Just another reminder to shutdown, then remove the old hdd before powering back up, otherwise you will screw up your boot sector and torpedo the entire job.
 

maxc

Junior Member
Jul 20, 2020
4
0
6
Hello,
I am replacing the oriignal SSD M2 SATA 512GB
with a
Samsung EVO plus M2 NVMe 2TB
in a Lenovo Thinkpad T460s with windows7 sp1.
Connected the new SSD thorugh a USB holder,
cloning the original SSD operating system partition (C with windows7, using
Samsung Data Migration software
(NB: I run it on the same windows7 that I am cloning),
The cloning ends successfully.
When I insert the new SSD instead of the old SSD and boot,
i see the page with windows 7 logo loading for 1-2 seconds,
but then the blue screen.
I tried also with
Norton Ghost booting form a bootable USB key with winPE, same problem.
Any special setting to apply? in the BIOS maybe?
Or different procedure for cloning?
( I am not expert)
Thank you
 

Billy Tallis

Senior member
Aug 4, 2015
293
146
116
Hello,
I am replacing the oriignal SSD M2 SATA 512GB
with a
Samsung EVO plus M2 NVMe 2TB
in a Lenovo Thinkpad T460s with windows7 sp1.
Connected the new SSD thorugh a USB holder,
cloning the original SSD operating system partition (C with windows7, using
Samsung Data Migration software
(NB: I run it on the same windows7 that I am cloning),
The cloning ends successfully.
When I insert the new SSD instead of the old SSD and boot,
i see the page with windows 7 logo loading for 1-2 seconds,
but then the blue screen.
I tried also with
Norton Ghost booting form a bootable USB key with winPE, same problem.
Any special setting to apply? in the BIOS maybe?
Or different procedure for cloning?
( I am not expert)
Thank you

When you clone a Windows installation from a SATA drive to a NVMe SSD, you should let it fail to boot and reboot automatically several times in a row, after which it will offer you the menu that gives you the option to boot into safe mode.
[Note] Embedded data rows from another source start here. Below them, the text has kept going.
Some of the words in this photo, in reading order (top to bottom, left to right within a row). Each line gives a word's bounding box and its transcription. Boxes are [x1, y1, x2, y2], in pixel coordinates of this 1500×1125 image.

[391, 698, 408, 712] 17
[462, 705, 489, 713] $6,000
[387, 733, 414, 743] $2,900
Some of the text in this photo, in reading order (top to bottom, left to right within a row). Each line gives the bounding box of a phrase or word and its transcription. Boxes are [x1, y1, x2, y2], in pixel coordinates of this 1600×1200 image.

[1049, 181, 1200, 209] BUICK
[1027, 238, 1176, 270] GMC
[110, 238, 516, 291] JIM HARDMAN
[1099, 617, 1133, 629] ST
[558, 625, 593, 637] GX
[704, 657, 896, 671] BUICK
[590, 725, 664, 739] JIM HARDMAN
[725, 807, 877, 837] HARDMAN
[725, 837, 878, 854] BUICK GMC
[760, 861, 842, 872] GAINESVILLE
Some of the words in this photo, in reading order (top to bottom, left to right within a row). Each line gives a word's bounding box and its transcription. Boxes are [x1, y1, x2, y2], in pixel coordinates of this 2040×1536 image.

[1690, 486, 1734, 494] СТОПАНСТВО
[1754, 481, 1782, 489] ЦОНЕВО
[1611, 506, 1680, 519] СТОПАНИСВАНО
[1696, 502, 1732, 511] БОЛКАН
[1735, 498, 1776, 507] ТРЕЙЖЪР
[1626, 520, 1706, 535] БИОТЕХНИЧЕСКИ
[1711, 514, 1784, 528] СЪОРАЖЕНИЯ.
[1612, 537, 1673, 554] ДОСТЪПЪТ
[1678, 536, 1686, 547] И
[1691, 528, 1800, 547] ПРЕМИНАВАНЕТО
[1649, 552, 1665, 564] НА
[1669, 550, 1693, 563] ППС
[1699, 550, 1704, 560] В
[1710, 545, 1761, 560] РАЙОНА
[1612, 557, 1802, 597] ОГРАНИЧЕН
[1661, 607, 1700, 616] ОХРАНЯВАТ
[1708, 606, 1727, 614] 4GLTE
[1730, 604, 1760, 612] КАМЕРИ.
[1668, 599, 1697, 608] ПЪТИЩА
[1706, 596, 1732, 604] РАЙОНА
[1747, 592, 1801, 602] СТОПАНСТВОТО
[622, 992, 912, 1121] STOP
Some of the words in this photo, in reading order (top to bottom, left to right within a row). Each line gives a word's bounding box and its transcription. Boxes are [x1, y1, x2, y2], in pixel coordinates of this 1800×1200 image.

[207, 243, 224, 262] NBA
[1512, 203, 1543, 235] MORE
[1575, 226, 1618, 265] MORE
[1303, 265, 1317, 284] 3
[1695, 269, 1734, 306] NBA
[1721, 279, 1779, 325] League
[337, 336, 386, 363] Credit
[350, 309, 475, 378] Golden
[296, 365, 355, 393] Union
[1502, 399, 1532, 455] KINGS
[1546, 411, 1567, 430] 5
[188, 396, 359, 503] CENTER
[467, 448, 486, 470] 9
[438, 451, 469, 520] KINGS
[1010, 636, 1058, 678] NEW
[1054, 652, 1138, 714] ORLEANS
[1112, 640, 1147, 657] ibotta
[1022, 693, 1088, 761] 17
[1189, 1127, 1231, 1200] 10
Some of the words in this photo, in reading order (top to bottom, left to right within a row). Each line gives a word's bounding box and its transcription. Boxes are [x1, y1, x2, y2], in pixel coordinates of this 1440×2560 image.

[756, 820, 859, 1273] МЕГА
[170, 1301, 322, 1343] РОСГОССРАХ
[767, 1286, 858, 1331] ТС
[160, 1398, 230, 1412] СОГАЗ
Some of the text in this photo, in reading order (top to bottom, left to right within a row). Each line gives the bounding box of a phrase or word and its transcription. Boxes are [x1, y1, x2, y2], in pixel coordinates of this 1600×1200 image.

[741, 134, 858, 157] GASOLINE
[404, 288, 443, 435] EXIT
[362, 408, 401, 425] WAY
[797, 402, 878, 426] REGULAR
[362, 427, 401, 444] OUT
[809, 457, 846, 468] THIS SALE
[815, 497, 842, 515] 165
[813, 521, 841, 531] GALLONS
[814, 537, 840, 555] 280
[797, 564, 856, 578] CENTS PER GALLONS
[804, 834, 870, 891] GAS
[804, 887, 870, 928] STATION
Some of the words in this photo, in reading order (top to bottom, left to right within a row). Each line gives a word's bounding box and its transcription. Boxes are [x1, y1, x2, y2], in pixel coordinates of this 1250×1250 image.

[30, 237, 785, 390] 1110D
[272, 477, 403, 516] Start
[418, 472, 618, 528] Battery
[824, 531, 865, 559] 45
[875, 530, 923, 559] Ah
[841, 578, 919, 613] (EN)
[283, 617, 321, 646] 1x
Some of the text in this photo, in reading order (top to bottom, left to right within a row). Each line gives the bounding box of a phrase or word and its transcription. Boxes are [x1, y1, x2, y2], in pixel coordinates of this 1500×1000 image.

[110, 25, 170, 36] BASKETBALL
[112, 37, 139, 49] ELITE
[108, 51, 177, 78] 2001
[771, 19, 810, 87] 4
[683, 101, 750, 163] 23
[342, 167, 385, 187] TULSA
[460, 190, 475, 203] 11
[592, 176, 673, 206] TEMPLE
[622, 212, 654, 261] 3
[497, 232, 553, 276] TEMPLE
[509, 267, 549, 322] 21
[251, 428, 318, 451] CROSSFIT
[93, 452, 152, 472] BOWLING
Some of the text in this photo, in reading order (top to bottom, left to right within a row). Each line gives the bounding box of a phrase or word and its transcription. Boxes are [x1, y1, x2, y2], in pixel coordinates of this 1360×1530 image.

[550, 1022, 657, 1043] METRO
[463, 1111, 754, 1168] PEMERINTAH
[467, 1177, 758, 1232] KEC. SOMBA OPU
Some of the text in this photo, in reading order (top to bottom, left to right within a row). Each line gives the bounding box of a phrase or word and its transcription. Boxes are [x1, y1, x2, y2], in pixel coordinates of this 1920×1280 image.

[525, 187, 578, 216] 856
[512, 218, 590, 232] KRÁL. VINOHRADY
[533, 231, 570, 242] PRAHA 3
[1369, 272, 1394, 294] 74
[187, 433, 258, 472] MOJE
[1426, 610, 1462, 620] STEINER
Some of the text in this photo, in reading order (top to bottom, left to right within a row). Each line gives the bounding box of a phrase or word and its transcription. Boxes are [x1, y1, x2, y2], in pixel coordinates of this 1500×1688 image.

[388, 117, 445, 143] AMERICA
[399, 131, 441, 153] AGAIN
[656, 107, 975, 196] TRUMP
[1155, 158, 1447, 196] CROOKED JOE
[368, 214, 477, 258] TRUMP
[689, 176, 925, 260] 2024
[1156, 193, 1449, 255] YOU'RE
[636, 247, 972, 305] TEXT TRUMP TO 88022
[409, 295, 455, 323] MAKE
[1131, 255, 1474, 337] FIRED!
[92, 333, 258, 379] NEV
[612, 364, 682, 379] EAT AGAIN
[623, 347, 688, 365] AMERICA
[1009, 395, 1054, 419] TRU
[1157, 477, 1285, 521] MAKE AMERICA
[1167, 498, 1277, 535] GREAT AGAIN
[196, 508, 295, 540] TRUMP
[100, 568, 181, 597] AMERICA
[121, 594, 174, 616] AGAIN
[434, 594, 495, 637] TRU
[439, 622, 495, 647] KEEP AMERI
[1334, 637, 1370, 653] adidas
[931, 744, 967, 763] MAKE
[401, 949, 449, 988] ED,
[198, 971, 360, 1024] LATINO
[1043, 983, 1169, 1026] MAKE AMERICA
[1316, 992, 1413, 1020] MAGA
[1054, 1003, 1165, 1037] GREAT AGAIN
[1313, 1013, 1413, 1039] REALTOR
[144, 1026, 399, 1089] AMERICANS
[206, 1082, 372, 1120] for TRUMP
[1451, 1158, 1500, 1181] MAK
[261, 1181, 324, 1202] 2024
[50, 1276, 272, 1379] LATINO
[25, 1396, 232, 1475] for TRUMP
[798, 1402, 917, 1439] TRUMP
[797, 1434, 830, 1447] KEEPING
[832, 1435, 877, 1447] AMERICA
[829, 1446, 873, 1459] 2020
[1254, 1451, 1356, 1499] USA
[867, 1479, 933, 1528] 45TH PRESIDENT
After Windows has successfully booted into safe mode once, you can reboot and everything will work fine. This is because booting into safe mode forces Windows to re-detect hardware, and it'll notice that the boot volume is on a NVMe device rather than a SATA device.

It's stupid and silly, but that's Windows.
 

Shmee

Memory & Storage, Graphics Cards Mod Elite Member
Super Moderator
Sep 13, 2008
7,543
2,542
146
I believe with win 7 you may need to load a driver and / or hotfix for NVMe drives.
 

maxc

Junior Member
Jul 20, 2020
4
0
6
don't take what I say as the 'expert' reply, but I just connected my 500GB SSD (replacing 500GB HDD) via a USB-to-SATA cable, ran macrium reflect, cloned Windows 7, then powered down and replaced the drive. I had to make sure to disable scheduled defrag. Also ran Samsung's software to make sure TRIM was enabled.
Hi Quartz, I am trying to do something similar. I do not have defrag scheduled, but I do not know what is TRIM ?
 

maxc

Junior Member
Jul 20, 2020
4
0
6
When you clone a Windows installation from a SATA drive to a NVMe SSD, you should let it fail to boot and reboot automatically several times in a row, after which it will offer you the menu that gives you the option to boot into safe mode. After Windows has successfully booted into safe mode once, you can reboot and everything will work fine. This is because booting into safe mode forces Windows to re-detect hardware, and it'll notice that the boot volume is on a NVMe device rather than a SATA device.

It's stupid and silly, but that's Windows.
Thank you very much. I will try it this weekend. Since the disk will be fit in the same M2 connector and it is anyway a SSD I do not need to enter the BIOS to change the boot unit, or any other parameter, do I ?
 

maxc

Junior Member
Jul 20, 2020
4
0
6
When you clone a Windows installation from a SATA drive to a NVMe SSD, you should let it fail to boot and reboot automatically several times in a row, after which it will offer you the menu that gives you the option to boot into safe mode. After Windows has successfully booted into safe mode once, you can reboot and everything will work fine. This is because booting into safe mode forces Windows to re-detect hardware, and it'll notice that the boot volume is on a NVMe device rather than a SATA device.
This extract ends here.